BRASIL 2000 FM

ROCK PRA TODOS

DESTAQUES

Paul McCartney faz alerta às novas bandas: a tecnologia não pode substituir a criatividade

Paul McCartney (Foto: Mike Marsland / WireImage via Getty)

Em um mundo onde gravar música nunca foi tão fácil, Paul McCartney acredita que os artistas precisam tomar cuidado para não perder algo fundamental no processo: a criatividade. O ex-Beatle compartilhou recentemente um conselho para as novas bandas e defendeu a ideia de que certas limitações podem ser mais inspiradoras do que a abundância de recursos disponíveis atualmente.

Durante uma entrevista, McCartney relembrou os tempos em que os Beatles trabalhavam com equipamentos muito mais simples do que os de hoje. Naquela época, os estúdios ofereciam poucas possibilidades técnicas, o que obrigava os músicos e produtores a encontrar soluções criativas para cada gravação. Segundo ele, era justamente essa necessidade de resolver problemas e pensar fora do óbvio que ajudava a criar resultados únicos e inovadores.

Para Paul, a tecnologia é uma aliada importante e trouxe inúmeras facilidades para quem faz música.
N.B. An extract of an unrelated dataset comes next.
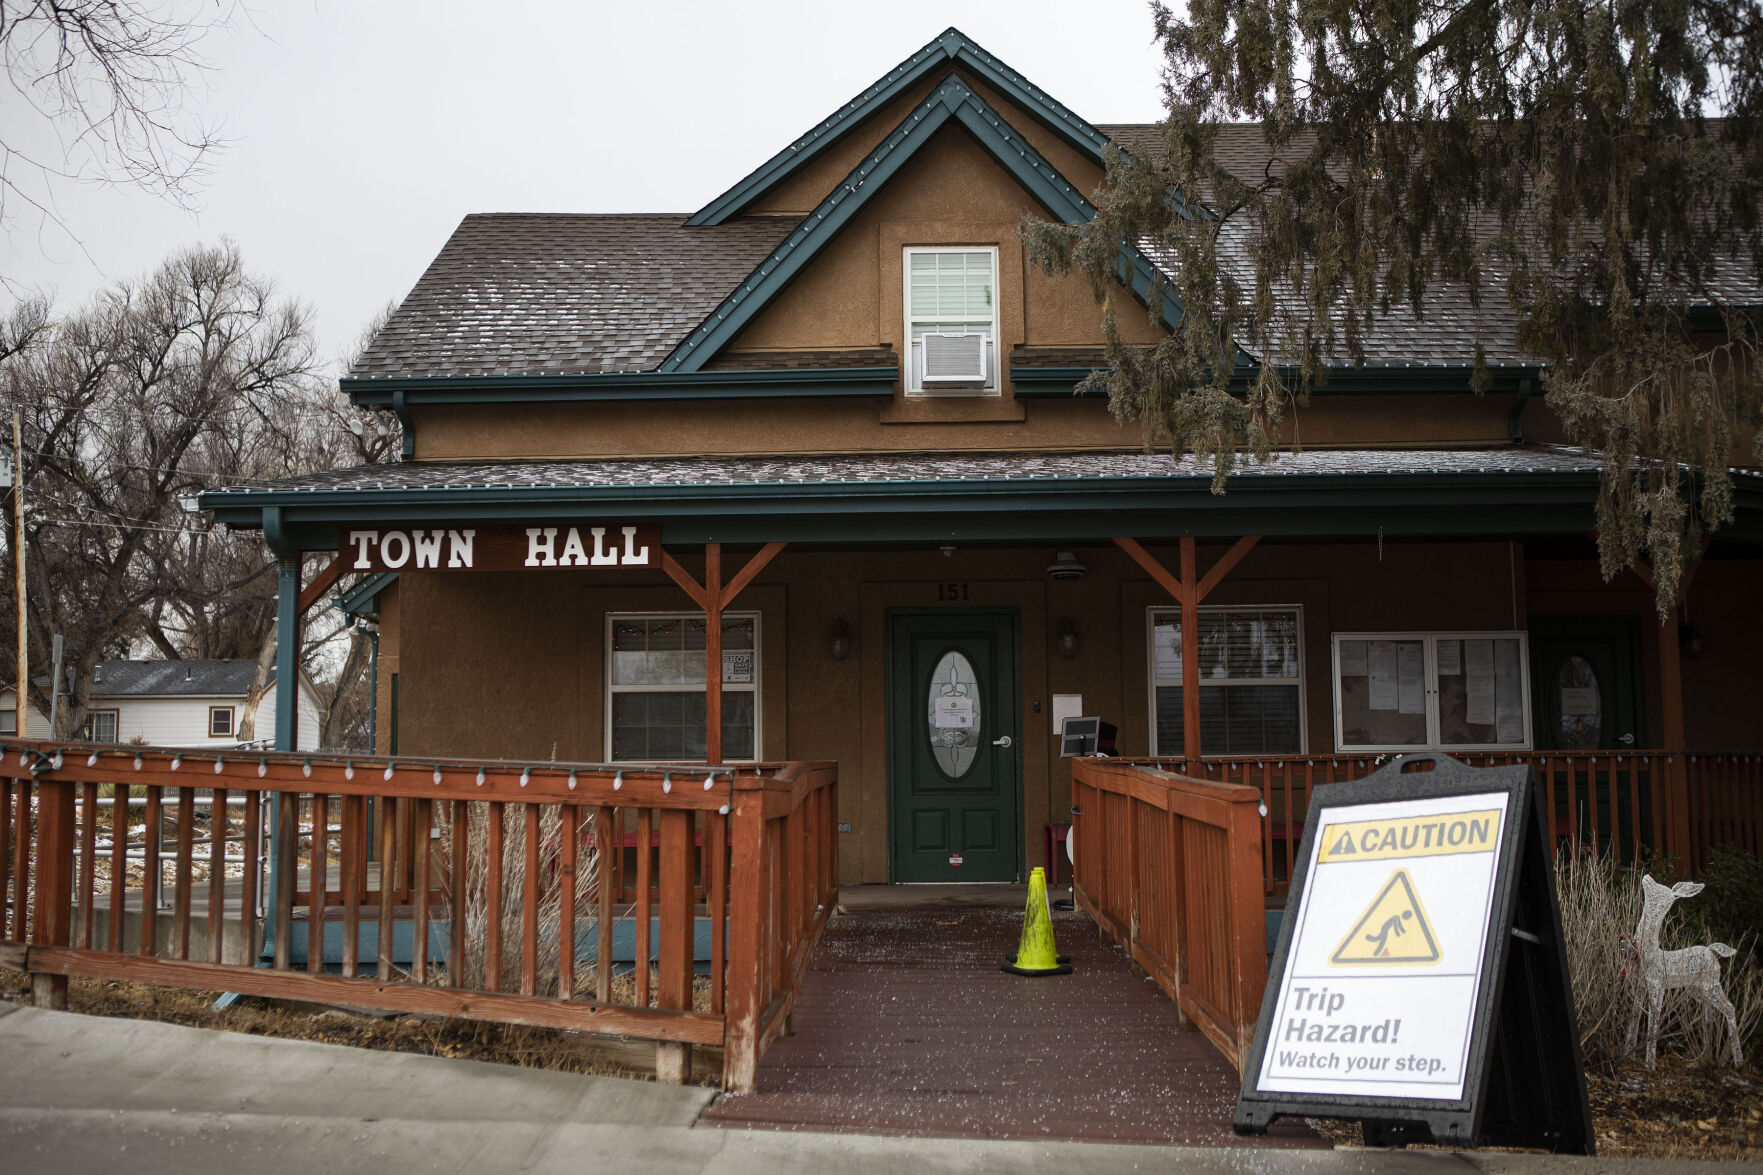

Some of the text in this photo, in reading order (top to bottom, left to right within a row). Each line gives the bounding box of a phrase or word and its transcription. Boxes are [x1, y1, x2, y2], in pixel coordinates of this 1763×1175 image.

No entanto, ele acredita que muitos artistas acabam se apoiando demais nos recursos digitais e deixam em segundo plano aquilo que realmente sustenta uma boa carreira: composições fortes, identidade própria e dedicação ao instrumento. Em sua visão, nenhuma ferramenta consegue substituir a emoção de uma grande canção ou a personalidade de uma banda que sabe exatamente o que quer dizer.

O músico também reconhece que utiliza a tecnologia no dia a dia. Hoje, por exemplo, registra ideias e melodias no celular sempre que surge uma inspiração. A diferença, segundo ele, está em usar esses recursos como apoio ao processo criativo, e não como uma solução automática para criar música.

Aos 83 anos, McCartney continua observando atentamente as transformações da indústria musical e mantém a mesma curiosidade que o acompanhou ao longo de toda a carreira. Seu conselho pode parecer simples, mas carrega o peso de quem ajudou a mudar a história da música popular: antes dos equipamentos, dos aplicativos e dos efeitos digitais, o mais importante continua sendo a capacidade de criar algo que conecte pessoas. Porque, no fim das contas, a tecnologia evolui o tempo todo, mas uma boa música continua sendo insubstituível.